フォーエバー21日本再参入で運営担う「カジュアル衣料」アダストリア株、3か月半ぶり高値...収益拡大を期待

カジュアル衣料専門店チェーンを展開するアダストリアの株価が2022年9月22日の東京株式市場で一時、前日終値比52円(2.3%)高の2272円をつけ、約3か月半ぶりの高値となった。

終値は前日比18円(0.8%)高の2238円で3日連続の上昇。前日の21日、2023年に日本市場に再参入する米国カジュアル衣料ブランド「フォーエバー21」の運営を担うと発表し、収益への貢献を期待する買いが入った。

■「ファストファッション」代表格だったフォーエバー21...現在は異なる戦略

フォーエバー21はかつて、流行りのデザインを施した衣料を格安で大量に販売する「ファストファッション」の代表格として世界に店舗展開。日本市場には2009年に参入した。同年の流行語大賞のトップ10に「ファストファッション」が入るほど当時は話題となった。

フォーエバー21はスペインの「ZARA」や米国の「GAP」、スウェーデンの「H&M」などともにファストファッション全盛期の顔となり、1000円を切る商品も珍しくないほど価格が安く、多くの顧客を集めた。

しかし、ネット通販市場の拡大に必ずしも対応できず、世界的に顧客の「飽き」も招いて徐々に売り上げを落とし、2019年に経営破綻。日本市場からも同年に撤退していた。

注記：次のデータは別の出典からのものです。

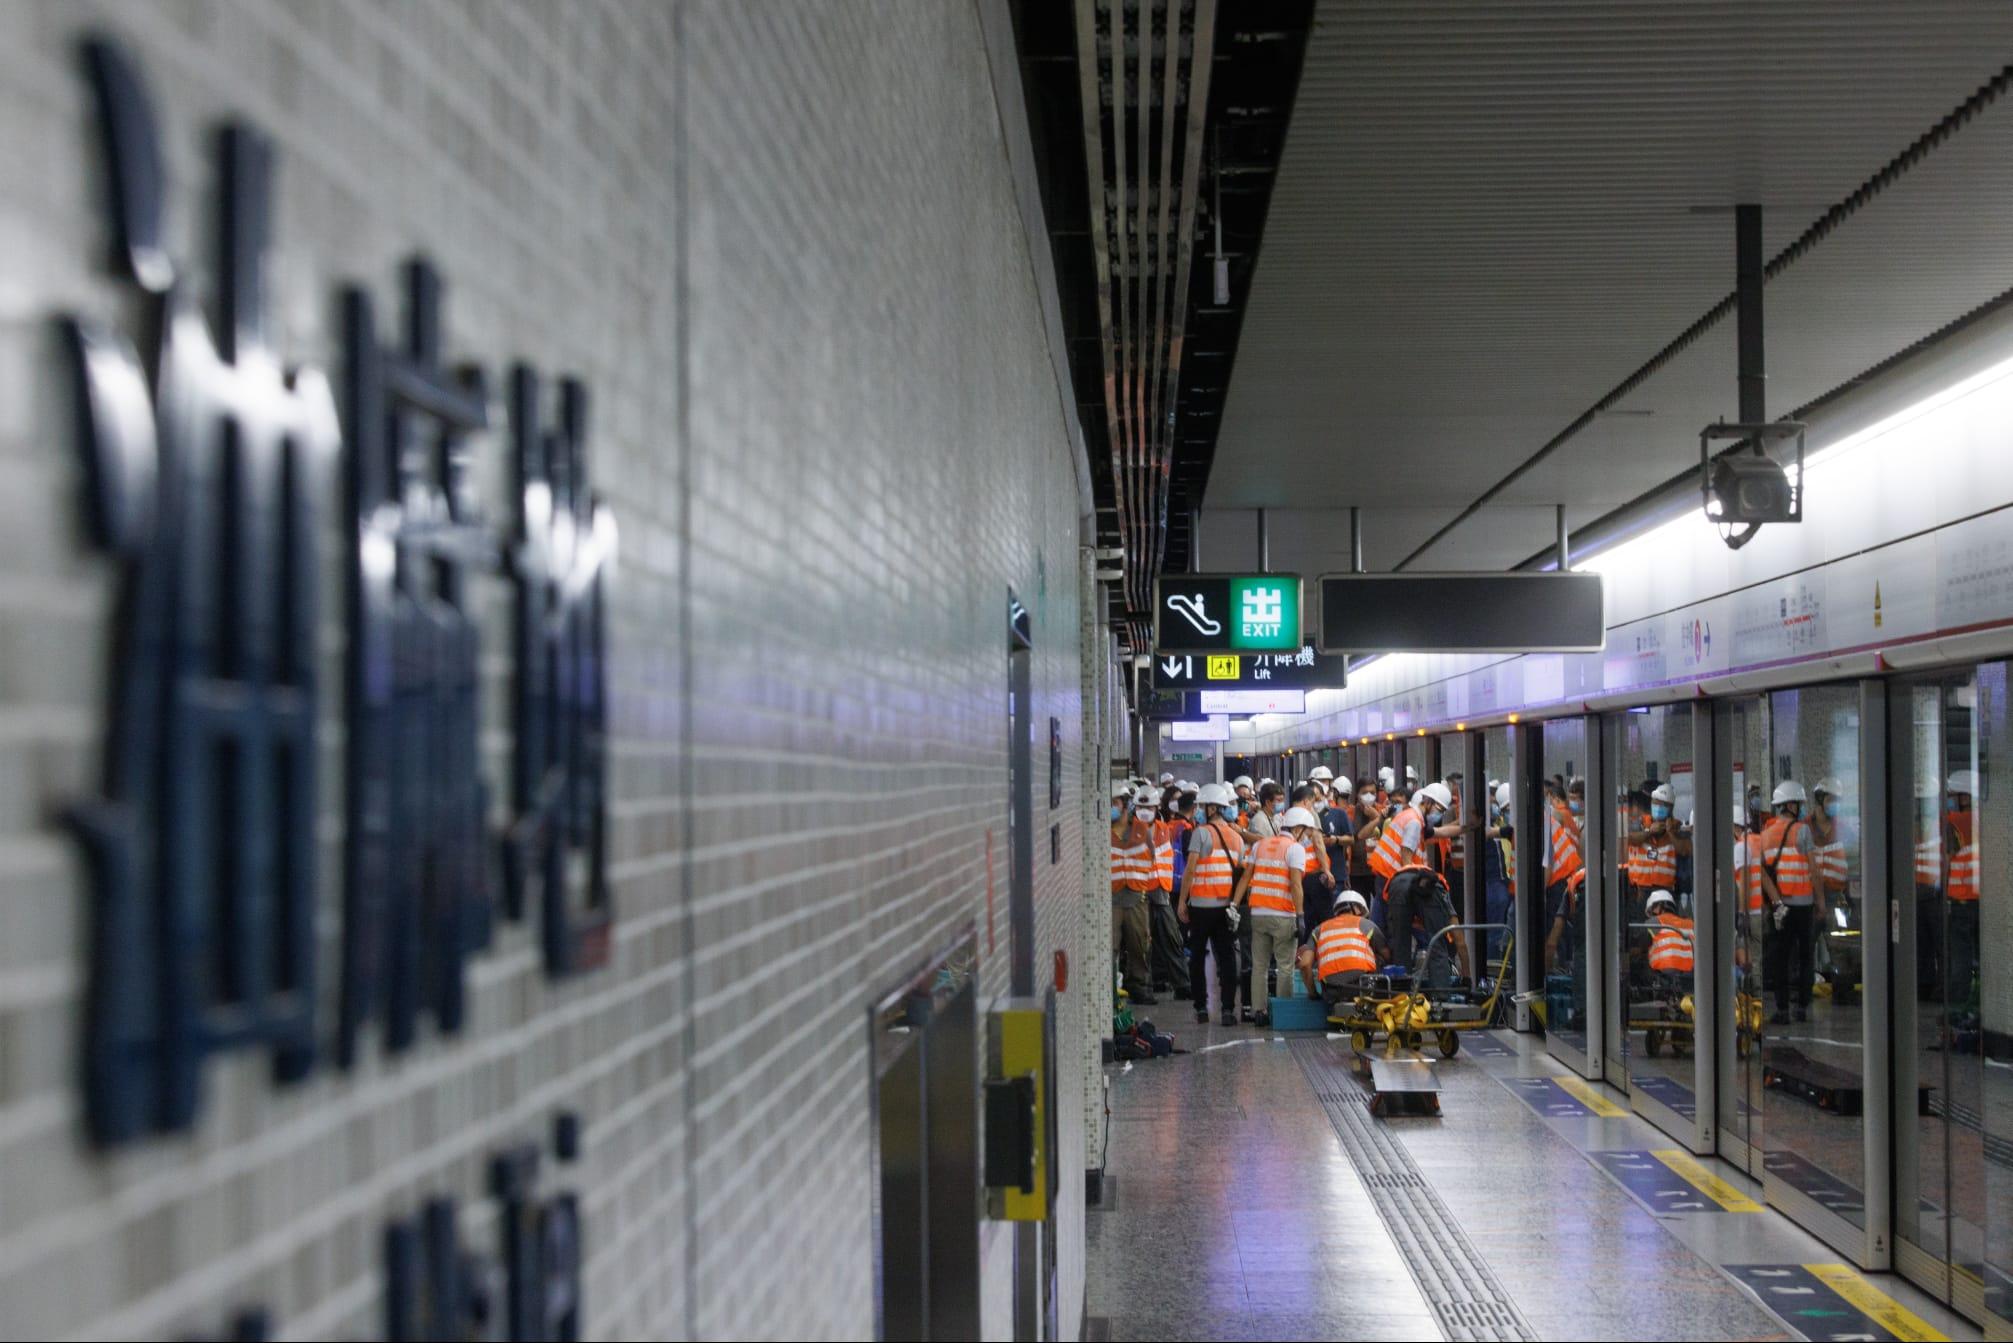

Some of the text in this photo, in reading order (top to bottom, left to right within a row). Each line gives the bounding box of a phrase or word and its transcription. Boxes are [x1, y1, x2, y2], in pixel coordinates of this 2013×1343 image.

[1242, 588, 1282, 622] 出
[1242, 623, 1282, 637] EXIT
[1254, 669, 1271, 680] Lift

フォーエバー21は経営を引き継いだ米国の会社によって、大量販売などのイメージを払拭する「脱ファストファッション」路線で再出発し、世界で570店舗以上を展開している。

日本市場再参入にあたっては伊藤忠商事が日本で事業展開する権利を取得し、伊藤忠がアダストリアとライセンス契約を結んだ。

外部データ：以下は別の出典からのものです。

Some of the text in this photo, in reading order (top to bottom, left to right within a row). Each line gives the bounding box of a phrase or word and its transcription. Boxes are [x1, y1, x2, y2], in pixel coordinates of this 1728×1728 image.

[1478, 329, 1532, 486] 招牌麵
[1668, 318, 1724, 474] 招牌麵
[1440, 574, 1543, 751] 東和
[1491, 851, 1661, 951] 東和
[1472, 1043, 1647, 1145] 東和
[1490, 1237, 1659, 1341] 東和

■商品企画は日本中心、生産は海外...コスト増の「逆風」、乗り越えられるか?

アダストリアは「グローバルワーク」「ニコアンド」「ローリーズファーム」などのカジュアル衣料ブランドをショッピングモールや駅ビルの店舗、ネット通販で展開する。

コロナ禍を克服しつつある2022年2月期連結決算は売上高が前期比9.6%増の2015億円、営業利益が8.6倍の65億円、最終損益は49億円の黒字(前期は6億円の赤字)。2022年3~5月期連結決算は売上高が前年同期比25.0%増の580億円と好調で、株価も足元で上昇基調にあった。

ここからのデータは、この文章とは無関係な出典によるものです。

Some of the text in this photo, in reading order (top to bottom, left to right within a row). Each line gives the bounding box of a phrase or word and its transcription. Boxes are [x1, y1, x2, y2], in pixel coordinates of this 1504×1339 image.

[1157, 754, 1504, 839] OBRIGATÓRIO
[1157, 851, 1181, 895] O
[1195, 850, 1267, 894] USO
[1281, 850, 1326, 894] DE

フォーエバー21の国内運営にあたっても、「脱ファストファッション」を全面に出す。

1号店は2023年4月にオープン予定だ。平均商品単価は4000円程度になる見通しで、初年度の春夏商品は約8割をアダストリアが企画し、日本人の体型などに合った商品を販売する。

ターゲットは10~30代の女性に置く。ただ、日本で商品は企画するが、生産はアジアとはいえ海外だ。物流コストの高騰や円安の悪影響が重なるなかでの再出発という意味でも「格安」ではいられない。

そうした逆風をどう乗り越えられるかが課題となりそうだ。(ジャーナリスト 済田経夫)

関連記事(外部サイト)

  • 記事にコメントを書いてみませんか?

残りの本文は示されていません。